Assignment | From the first line to the last, output the records exactly and drop any images.

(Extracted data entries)
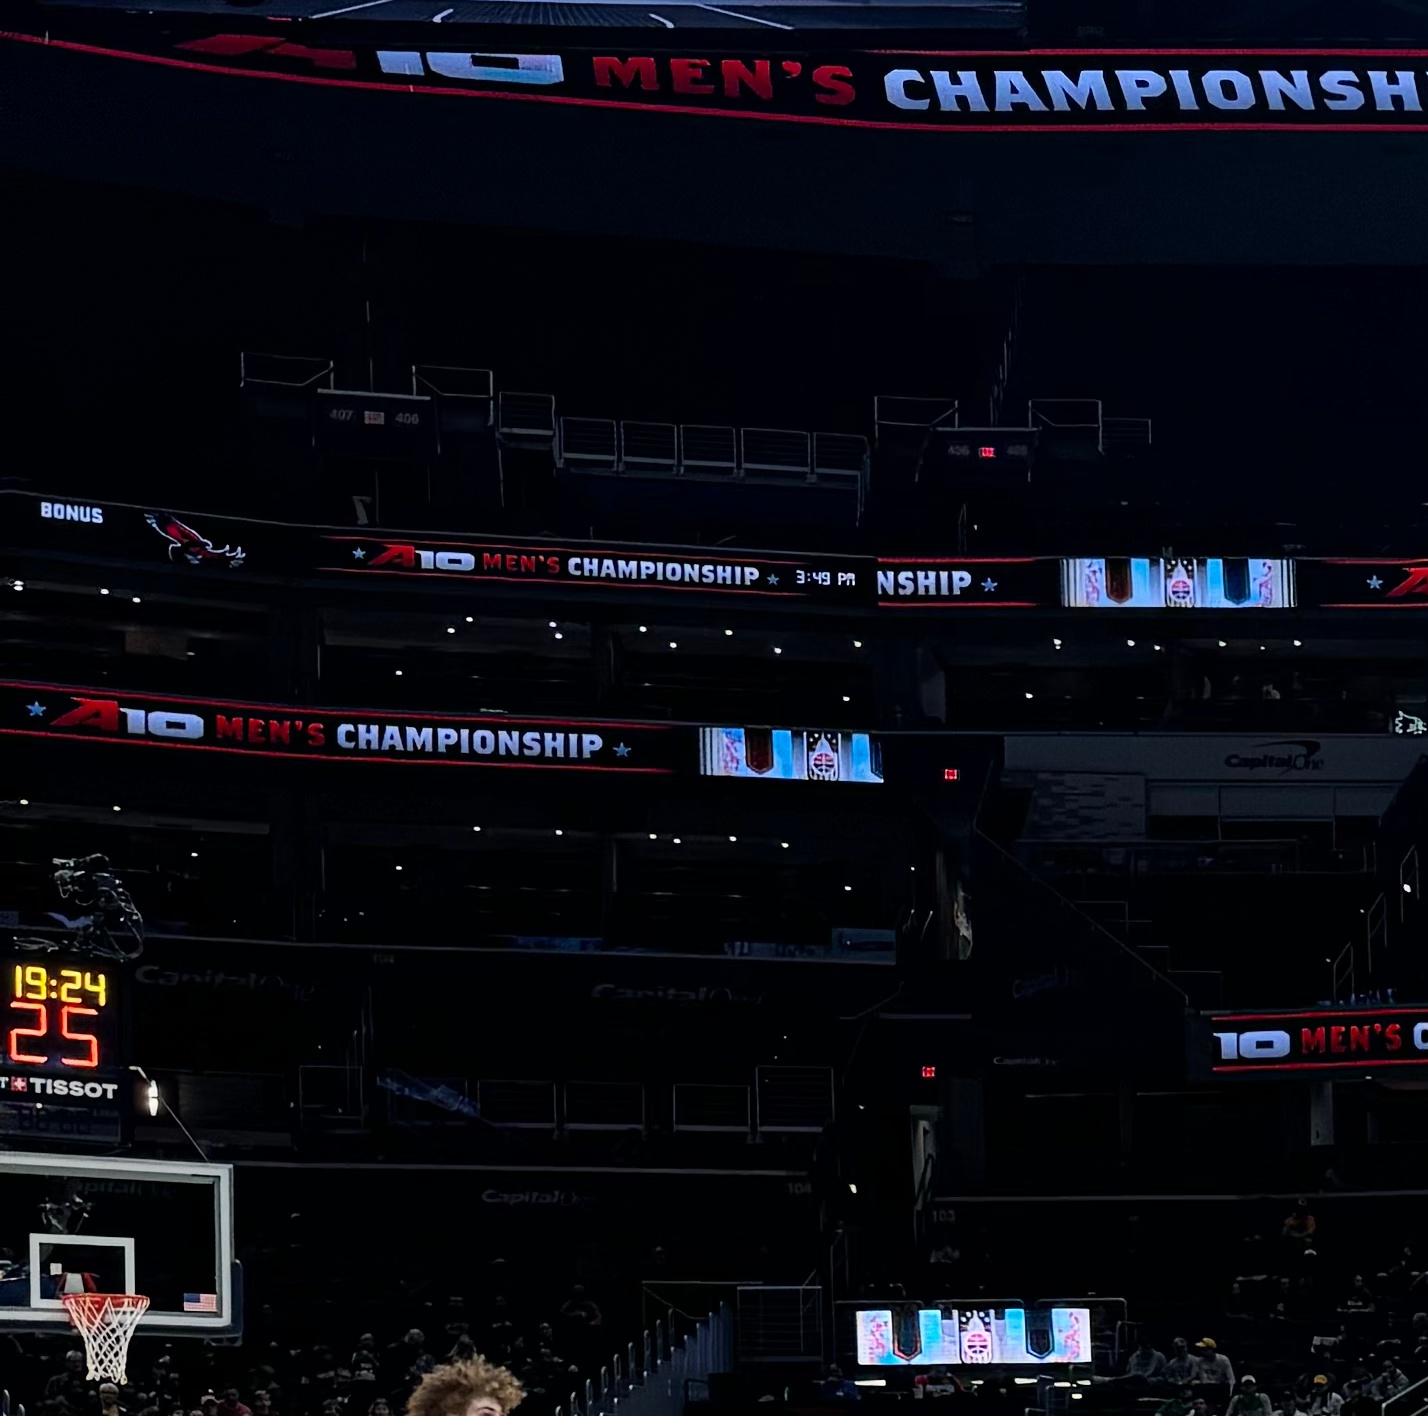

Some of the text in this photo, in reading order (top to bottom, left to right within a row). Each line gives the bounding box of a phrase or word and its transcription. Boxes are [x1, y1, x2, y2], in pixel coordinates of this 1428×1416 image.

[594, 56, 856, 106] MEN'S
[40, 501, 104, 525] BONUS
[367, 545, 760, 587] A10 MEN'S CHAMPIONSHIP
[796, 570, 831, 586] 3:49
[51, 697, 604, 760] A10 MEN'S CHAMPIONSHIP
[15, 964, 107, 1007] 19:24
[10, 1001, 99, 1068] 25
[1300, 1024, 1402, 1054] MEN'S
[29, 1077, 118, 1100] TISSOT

Written answer |
Some of the text in this photo, in reading order (top to bottom, left to right within a row). Each line gives the bounding box of a phrase or word and its transcription. Boxes are [x1, y1, x2, y2], in pixel coordinates of this 1428×1416 image.

[594, 56, 856, 106] MEN'S
[40, 501, 104, 525] BONUS
[367, 545, 760, 587] A10 MEN'S CHAMPIONSHIP
[796, 570, 831, 586] 3:49
[51, 697, 604, 760] A10 MEN'S CHAMPIONSHIP
[15, 964, 107, 1007] 19:24
[10, 1001, 99, 1068] 25
[1300, 1024, 1402, 1054] MEN'S
[29, 1077, 118, 1100] TISSOT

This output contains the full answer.